(Referring expression grounding data)
◇ ◇ ◇ ◇ ◇

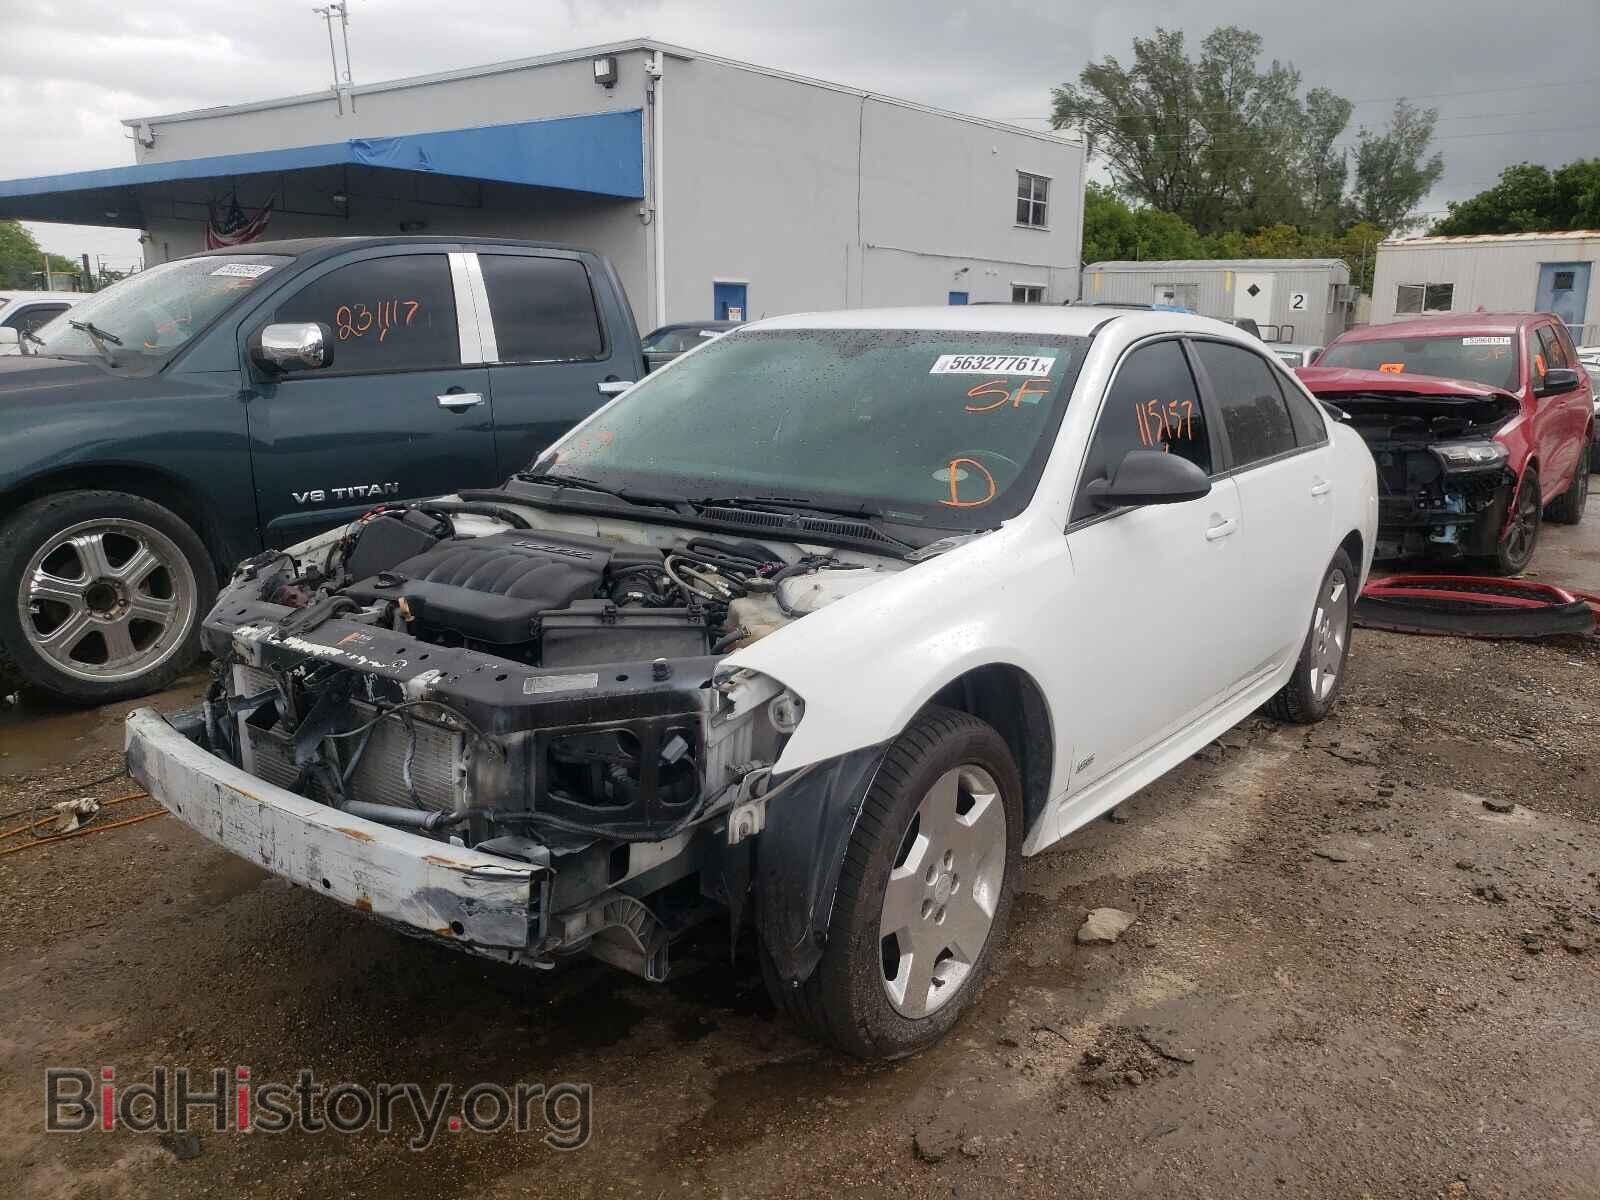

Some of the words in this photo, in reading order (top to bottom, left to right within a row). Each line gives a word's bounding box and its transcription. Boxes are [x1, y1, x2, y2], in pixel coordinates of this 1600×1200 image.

[1293, 294, 1304, 309] 2
[965, 378, 1052, 412] SF
[291, 489, 326, 504] V8
[331, 482, 399, 500] TITAN
[937, 458, 996, 508] D
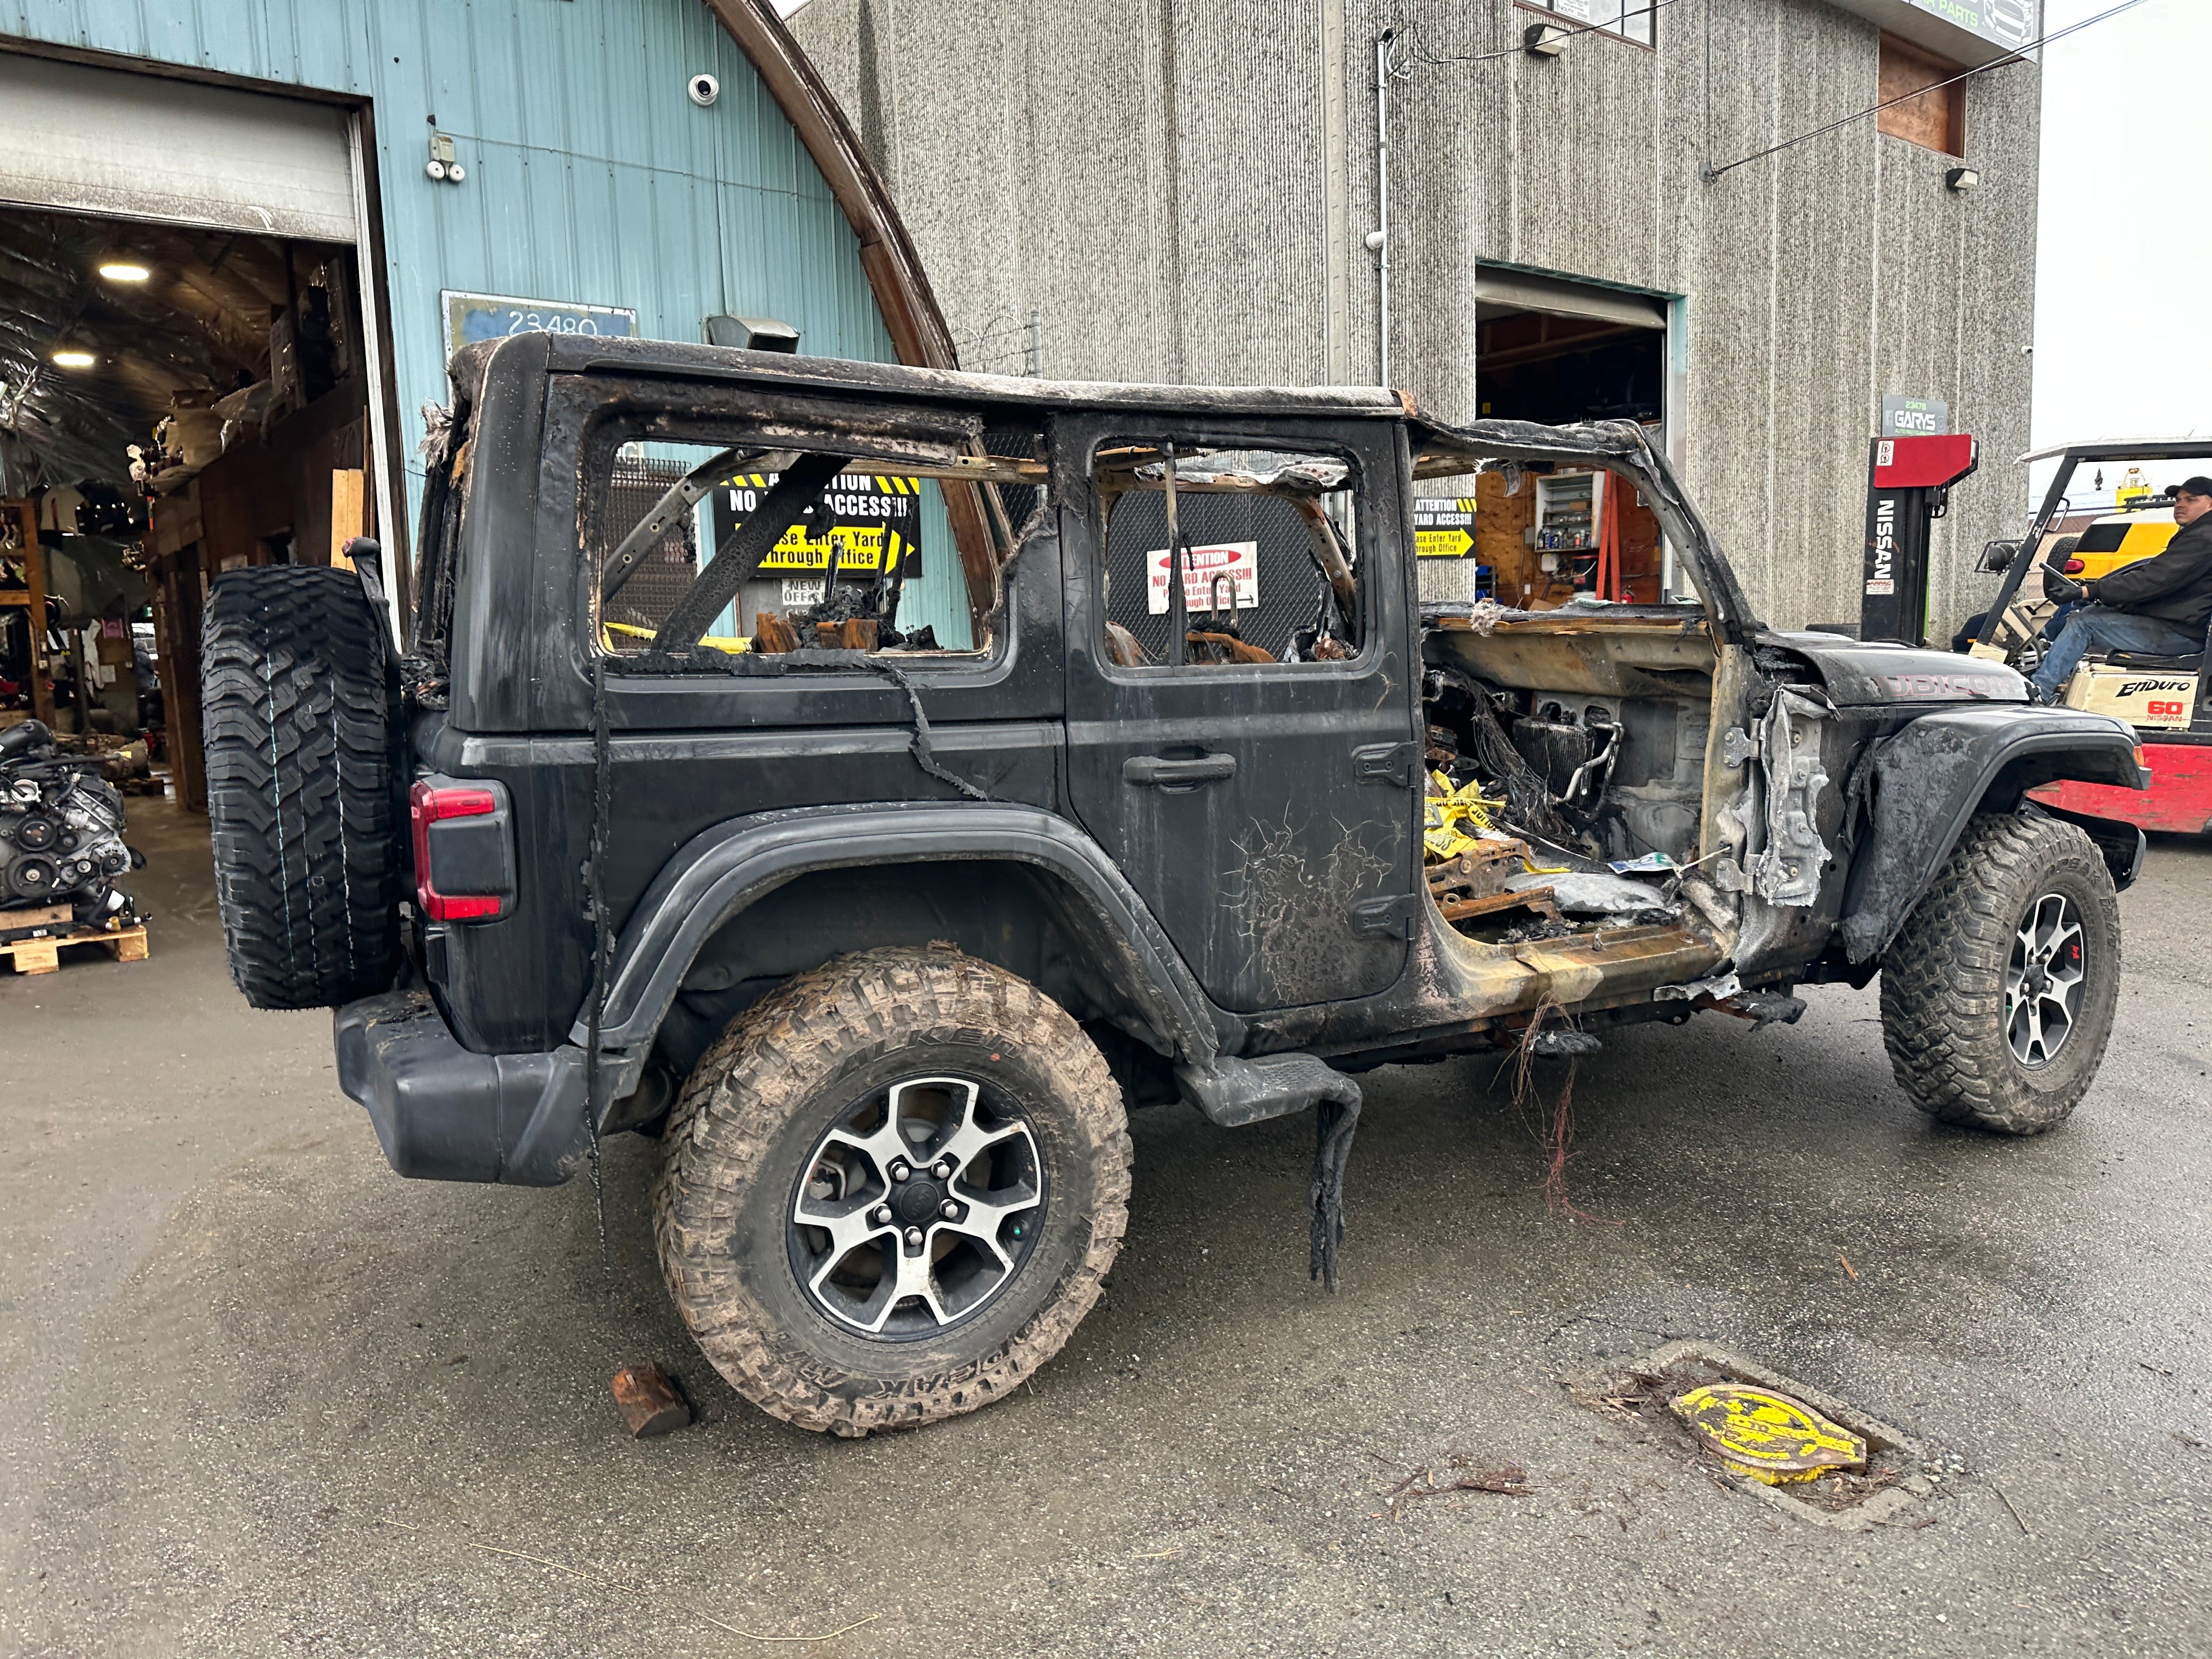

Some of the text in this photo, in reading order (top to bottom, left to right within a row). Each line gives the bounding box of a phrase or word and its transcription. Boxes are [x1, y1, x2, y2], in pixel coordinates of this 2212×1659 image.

[1939, 0, 1978, 27] PARTS
[509, 310, 597, 336] 23480
[1895, 410, 1936, 431] GARYS
[730, 490, 756, 512] NO
[1415, 498, 1457, 512] ATTENTION
[1414, 513, 1472, 525] YARD ACCESS!!!
[853, 531, 884, 547] Yard
[1429, 533, 1446, 543] Enter
[1448, 533, 1461, 543] Yard
[1874, 499, 1895, 579] NISSAN
[1438, 543, 1457, 552] Office
[764, 548, 823, 566] hrough
[789, 579, 821, 590] NEW
[1153, 575, 1166, 588] NO
[1192, 585, 1211, 596] Ente
[1219, 582, 1241, 594] Yad
[2147, 700, 2183, 715] 60

◇ ◇ ◇ ◇ ◇

» **Work instruction**
Each line above should be returned exactly as it stands, minus any pictures.

» **Reply**
Some of the words in this photo, in reading order (top to bottom, left to right within a row). Each line gives a word's bounding box and its transcription. Boxes are [x1, y1, x2, y2], in pixel coordinates of this 1600×1200 image.

[1293, 294, 1304, 309] 2
[965, 378, 1052, 412] SF
[291, 489, 326, 504] V8
[331, 482, 399, 500] TITAN
[937, 458, 996, 508] D

Some of the text in this photo, in reading order (top to bottom, left to right within a row). Each line gives the bounding box of a phrase or word and its transcription. Boxes are [x1, y1, x2, y2], in pixel coordinates of this 2212×1659 image.

[1939, 0, 1978, 27] PARTS
[509, 310, 597, 336] 23480
[1895, 410, 1936, 431] GARYS
[730, 490, 756, 512] NO
[1415, 498, 1457, 512] ATTENTION
[1414, 513, 1472, 525] YARD ACCESS!!!
[853, 531, 884, 547] Yard
[1429, 533, 1446, 543] Enter
[1448, 533, 1461, 543] Yard
[1874, 499, 1895, 579] NISSAN
[1438, 543, 1457, 552] Office
[764, 548, 823, 566] hrough
[789, 579, 821, 590] NEW
[1153, 575, 1166, 588] NO
[1192, 585, 1211, 596] Ente
[1219, 582, 1241, 594] Yad
[2147, 700, 2183, 715] 60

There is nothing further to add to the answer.